By: Candi Bolden
Spending spring break with 30 to 35 people on bus might not seem ideal, but for senior Michelle Anderson it is.
“It’s the best way you can spend your spring break,” Anderson said.
Leaving March 6 and returning March 14, Anderson along with other students in PLSC 4334 and SOSC 6356 are trading in their spring break to go on a Civil Rights Pilgrimage across four states.
According to Anderson, the Civil Rights Pilgrimage connects students to history by sharing first hand stories of the past with students. For her, that makes history more tangible.

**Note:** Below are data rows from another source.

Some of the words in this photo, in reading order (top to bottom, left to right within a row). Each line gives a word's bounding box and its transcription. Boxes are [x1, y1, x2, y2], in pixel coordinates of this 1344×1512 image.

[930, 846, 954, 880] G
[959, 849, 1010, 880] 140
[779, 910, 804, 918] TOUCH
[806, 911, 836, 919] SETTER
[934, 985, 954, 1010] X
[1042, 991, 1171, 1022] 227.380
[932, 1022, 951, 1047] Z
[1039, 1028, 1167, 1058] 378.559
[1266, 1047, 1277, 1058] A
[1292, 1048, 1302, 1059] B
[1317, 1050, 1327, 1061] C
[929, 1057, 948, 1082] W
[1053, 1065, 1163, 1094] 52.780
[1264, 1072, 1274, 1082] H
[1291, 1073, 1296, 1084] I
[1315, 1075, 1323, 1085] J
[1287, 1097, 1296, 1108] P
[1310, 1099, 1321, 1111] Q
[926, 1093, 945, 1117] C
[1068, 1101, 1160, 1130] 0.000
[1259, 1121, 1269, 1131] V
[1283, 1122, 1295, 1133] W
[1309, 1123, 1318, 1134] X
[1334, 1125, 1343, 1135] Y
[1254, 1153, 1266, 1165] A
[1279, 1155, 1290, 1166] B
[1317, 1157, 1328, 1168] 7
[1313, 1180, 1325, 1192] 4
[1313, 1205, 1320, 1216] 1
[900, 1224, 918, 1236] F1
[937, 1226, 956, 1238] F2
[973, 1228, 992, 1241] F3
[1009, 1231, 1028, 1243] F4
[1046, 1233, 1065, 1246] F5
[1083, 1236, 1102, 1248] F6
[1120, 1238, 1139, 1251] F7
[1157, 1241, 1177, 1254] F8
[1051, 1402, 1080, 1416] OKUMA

Anderson, who is the student trip leader for the pilgrimage, helps students process their experiences on the trip by leading discussions.

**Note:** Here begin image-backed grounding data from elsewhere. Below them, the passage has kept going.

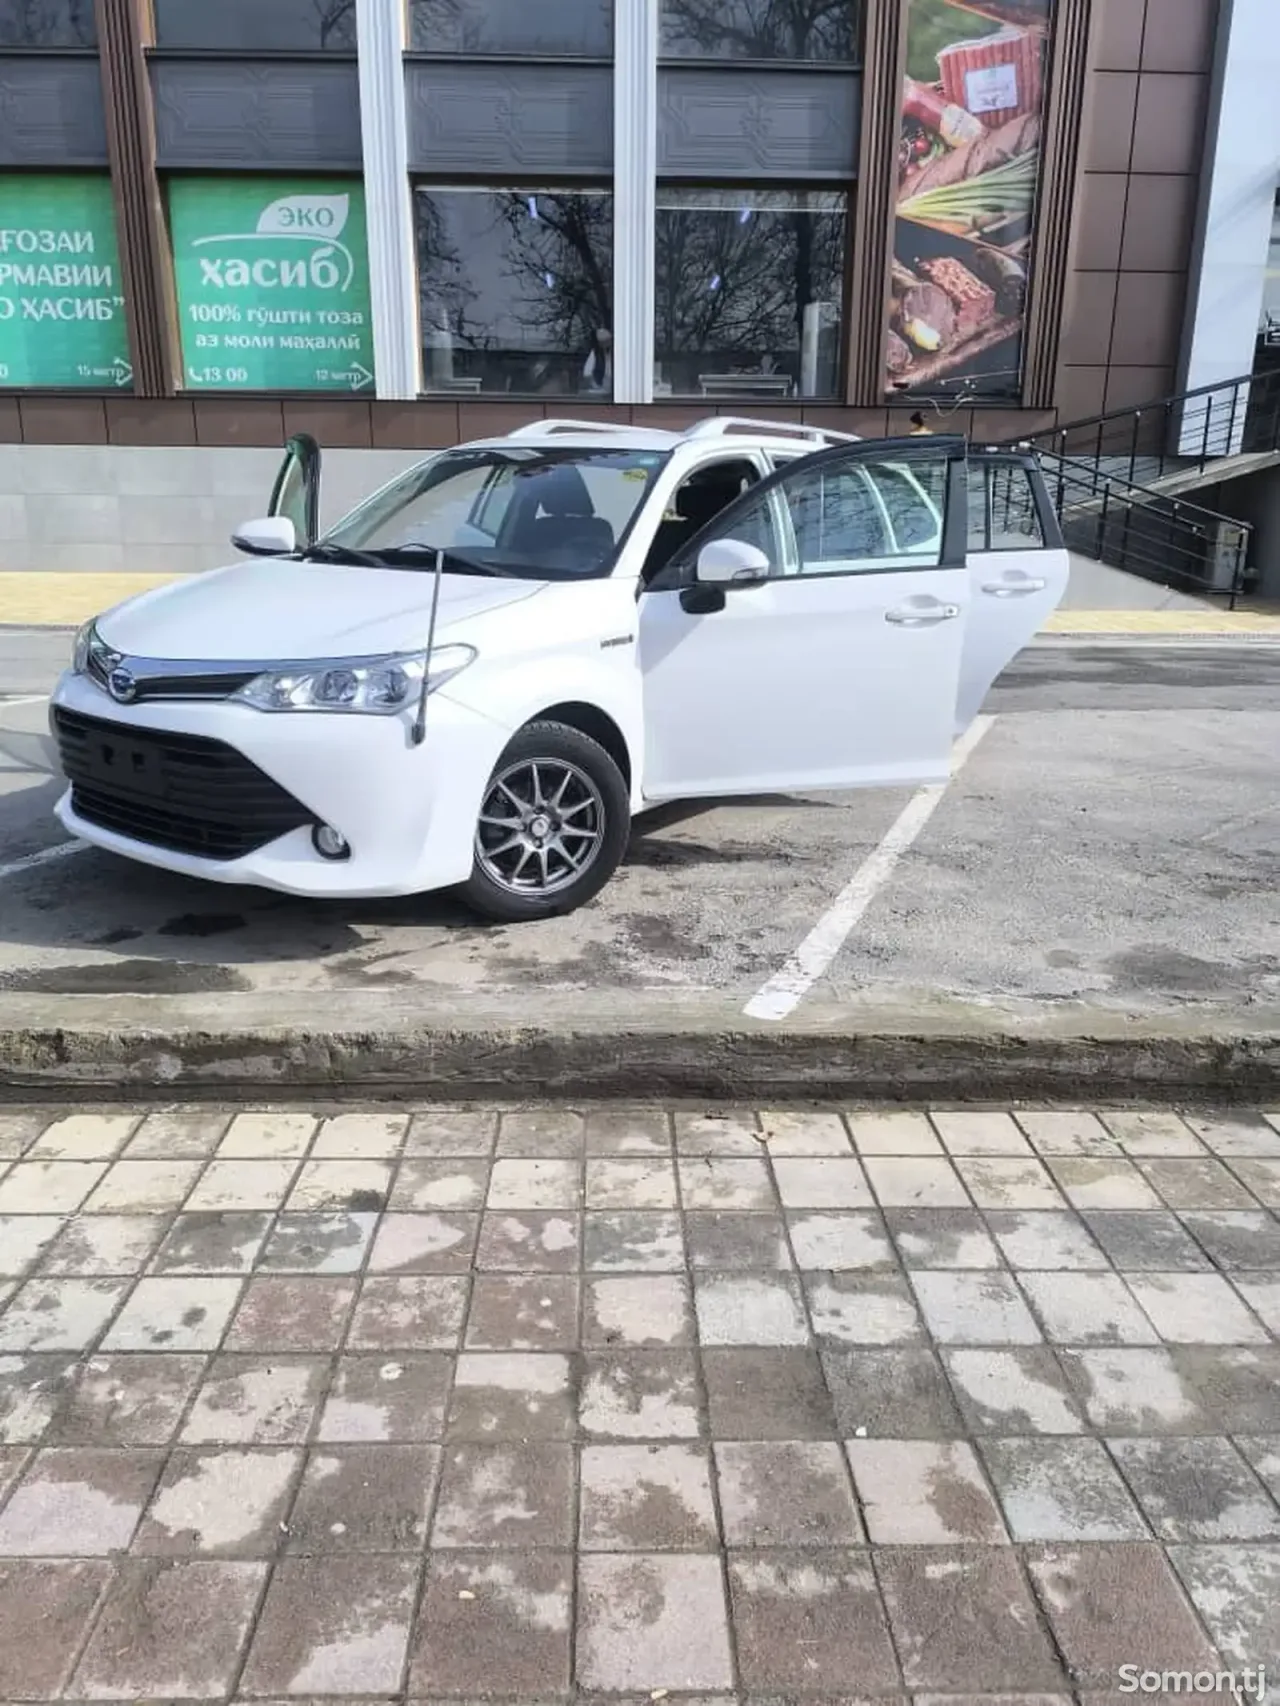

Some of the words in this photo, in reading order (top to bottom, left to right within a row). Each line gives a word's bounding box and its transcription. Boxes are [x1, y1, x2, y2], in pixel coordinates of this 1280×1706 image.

[278, 206, 334, 227] ЭКО
[0, 263, 112, 288] РМАВИИ
[189, 303, 242, 323] 100%
[318, 309, 364, 325] тоза
[195, 333, 219, 348] аз
[223, 334, 275, 348] моли
[203, 366, 222, 382] 13
[226, 366, 249, 382] 00

“Every person has what our coordinator calls their ‘a-ha moment’ and it’s the moment of them just kind of getting why it’s such a big deal and why it’s important and why we go to these places,” Anderson said. “For me that was meeting all of what we call ‘the foot soldiers.’”
The “foot soldiers” are various members of the Civil Rights Movement that lead the tour of areas on the pilgrimage. In past years students met such “foot soldiers” as Montgomery Bus Boycott participants, the Harris Family, former freedom riders and more. For Anderson, one of the standouts is Joanne Bland, who marched in the Bloody Sunday March when she was 11 years old.
“She is the tour guide that we had through Selma and she’s really raw about the experience that she had. I think that makes it real for a lot of people,” Anderson said.
But the Pilgrimage is more than listening to the stories of those involved in the Civil Rights Movement and visiting the site’s major events in the movement. The students write journals of their experiences on the pilgrimage
“The pilgrimage is not a tour. We meet and interact with the ‘foot soldiers’ of the movement at virtually every stop,” Civil Rights Pilgrimage faculty leader Dennis Simon said.
The pilgrimage itself focuses on areas Simon defines as “ground zero” of the Civil Rights Movement. This includes Little Rock, Ark.; Jackson, Miss.; Philadelphia; Oxford, Miss.; Selma, Ala.; Montgomery, Ala.; Tuskegee, Ala.; Birmingham, Ala.; and Memphis, Tenn.
“This year we will be in Selma, Alabama for the 50th anniversary of Bloody Sunday which led to the introduction and passage of the Voting Rights Act of 1965,” Simon said.
In Selma, Ala. the group will march across the Edmund Pettus Bridge for a Bloody Sunday reenactment. According to Simon, immersion like this allows students to experience the movement more personally.
“Students learn the politics and then relive, so to speak, American history,” Simon said.
The trip itself is run by the Chaplain’s Office. Simon, Anderson and Ray Jordan serve as trip leaders.
Simon has run the trip since 2008 after designing a course, Politics and Legacies of the Civil Rights Movement, to go along with the trip.
The Civil Rights Pilgrimage is held only during the spring semester.